27. In a recent article by Lennard J. Davis (2021), the author suggests that Deaf culture is less concerned with unheard sounds than it is with questions of access: “availability of interpreters, less discrimination, and better ways to communicate using technology,” for example (par. 3). Davis goes on to say that his Deaf parents would sometimes “recount the inevitable story about someone who got their hearing back and was driven crazy by all the ambient noise in the world—cars, trucks, horns, rumbles, and even, yes, loud music and screeching birds” (par. 3). Here, as you might have noticed, Davis runs a red light through the intersection of deafness and madness. As Christopher Krentz (2006) reminds us, these two categories have been conflated since ancient times: “Aristotle is credited with saying that, of all the senses, hearing contributes most to intelligence and knowledge. The Romans classified deaf people who did not speak with the insane” (41). Moreover, many deaf people were incarcerated in nineteenth-century “lunatic asylums” (41). Mad listening must attend to this shared history of deaf madness and mad deafness.
28. In his autobiographical novel A Journey Round My Skull, Frigyes Karinthy provides a firsthand account of a craniotomy (or what used to be called trepanation), which he underwent after experiencing auditory hallucinations of passing trains. His description of the procedure is one of the most evocative and haunting sonic testimonies that one could imagine. Karinthy (2008) writes: “There was an infernal scream as the steel plunged into my skull. It sank more and more rapidly through the bone, and the pitch of its scream became louder and more piercing every second” (216). Then, he reports a “straining sensation, a feeling of pressure, a cracking sound, and a terrific wrench,” as pieces of bone are broken off from his skull (220). “Each cracking sound,” he says, “reminded me of taking the lid off a jam-jar, while the process as a whole was like splitting open a wooden packing-case, plank by plank (220). Karinthy’s account provides invaluable historical context for an exceptionally brutal example of mad listening. As the early modernist Dolly MacKinnon (2017) tells us: “The historical archive remains redolent with recoverable aspects of historical soundscapes,” and “the political economy of sounds, silences, and noise is an innovative way to reclaim diverse cultural voices through partial past soundscapes” (101). Accordingly, mad listening should attune to this wider project of reclamation by way of centering the testimonies of people who have survived psychiatric and medical intervention.

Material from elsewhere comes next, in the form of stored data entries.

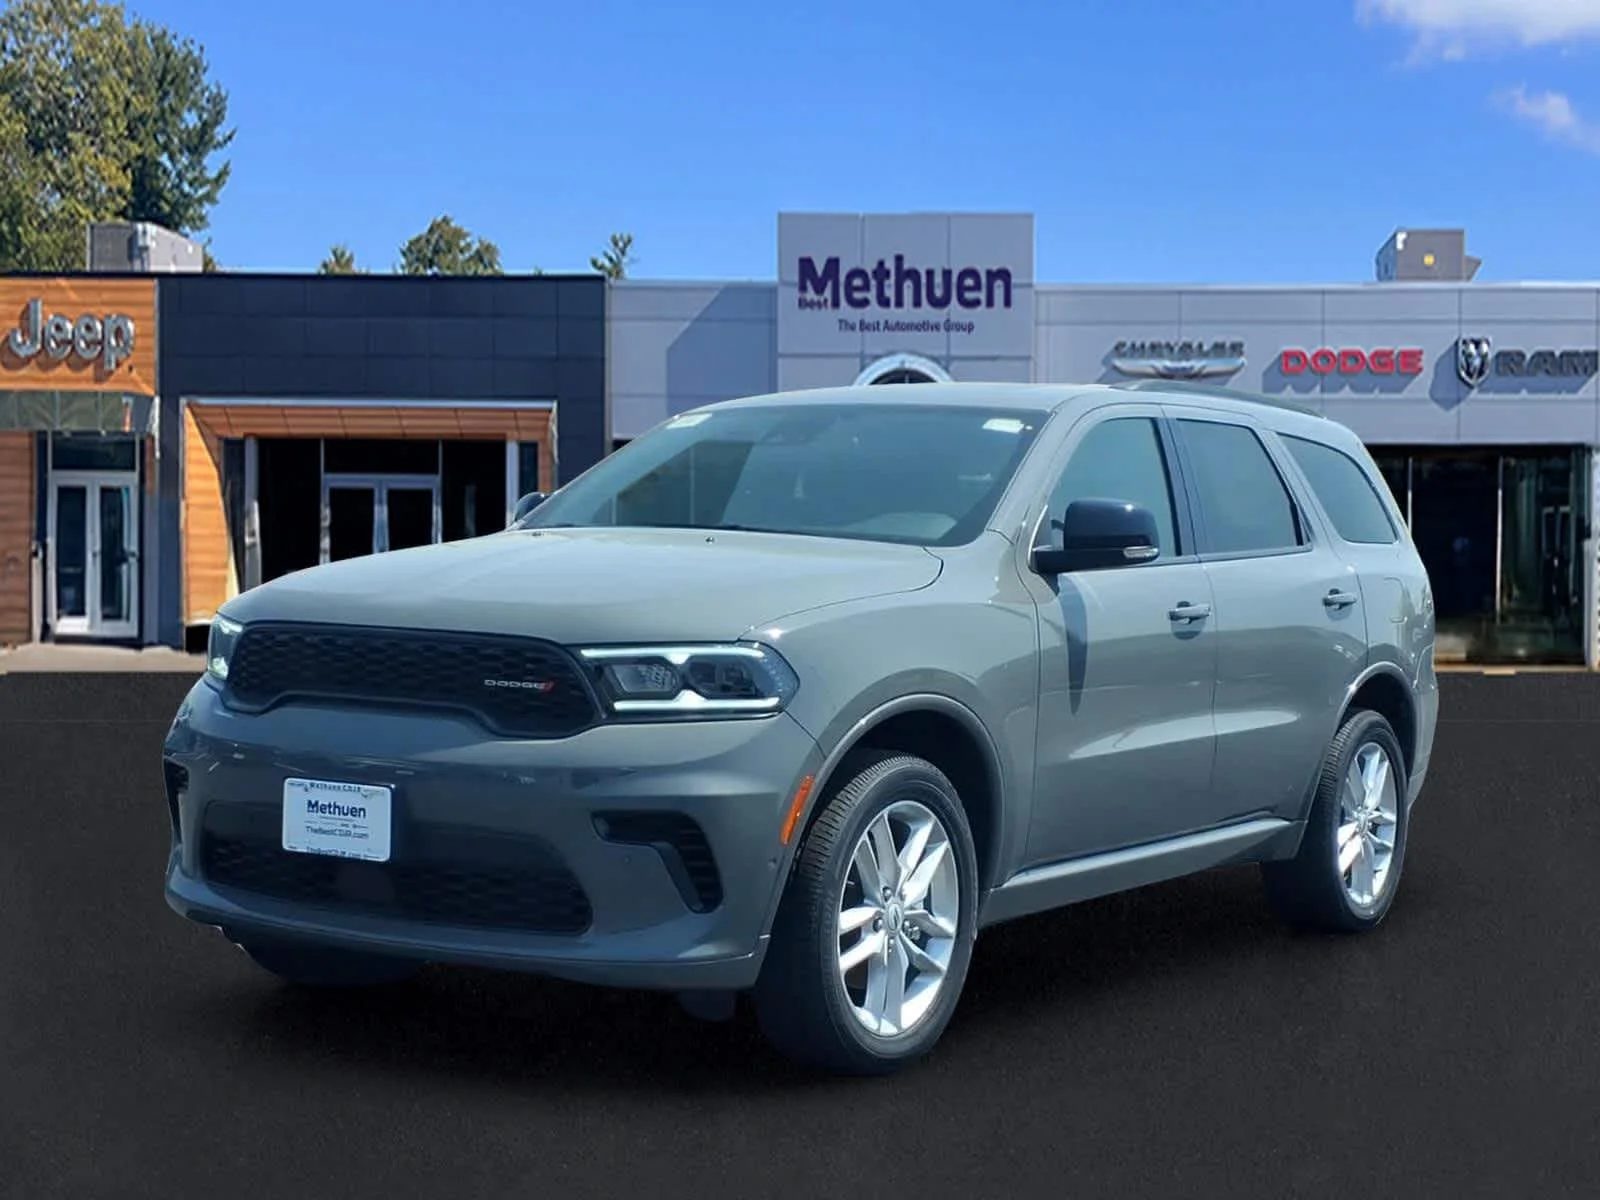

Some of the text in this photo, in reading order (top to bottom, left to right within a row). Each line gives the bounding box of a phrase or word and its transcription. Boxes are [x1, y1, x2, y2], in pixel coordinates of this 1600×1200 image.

[798, 254, 1012, 309] Methuen
[798, 297, 829, 310] Best
[9, 298, 136, 371] Jeep
[838, 319, 975, 335] The Best Automotive Group
[1282, 349, 1424, 374] DODGE
[1495, 351, 1599, 376] RAM
[484, 680, 545, 689] DODGE
[307, 800, 366, 819] Methuen

29. A phenomenology of mad listening risks locating madness squarely within the individual, whereas the outer world of sound can be seriously crazy-making, from the idling of diesel engines, to the advertisements that play at double-volume, or the once-innocuous hum of the refrigerator, which now moans and wails like a vengeful ghost. The list goes on: there’s the evil laughter of seagulls, the nightly sirens, the neighbour’s bad taste in music, the everlasting construction noise, the hundred-decibel squeal of the skytrain, not to mention the sound technologies that have been weaponized and turned on the public, like the infamous Mosquito Device, which the company describes as an “ultrasonic anti-loitering solution used to disperse unwanted homeless and youth gatherings” (n.p.). Writing about this device, Mitchell Akiyama (2010) notes that young people in the twenty-tens found a way of reclaiming this sound by using it as a cellphone ringtone that most teachers were unable to hear (466). Akiyama concludes, however, that “this détournement does not amount to any real or practical immunity to sound,” but instead has the unintended consequence of increasing prejudice against these antiauthoritarian youths. To listen madly is to take such risks, in full awareness that acts of resistance will always be met with resistance. The master’s tools, in this case, may not be able to dismantle the master’s house, but they might prevent him from overhearing our plans to strike when the moment is right.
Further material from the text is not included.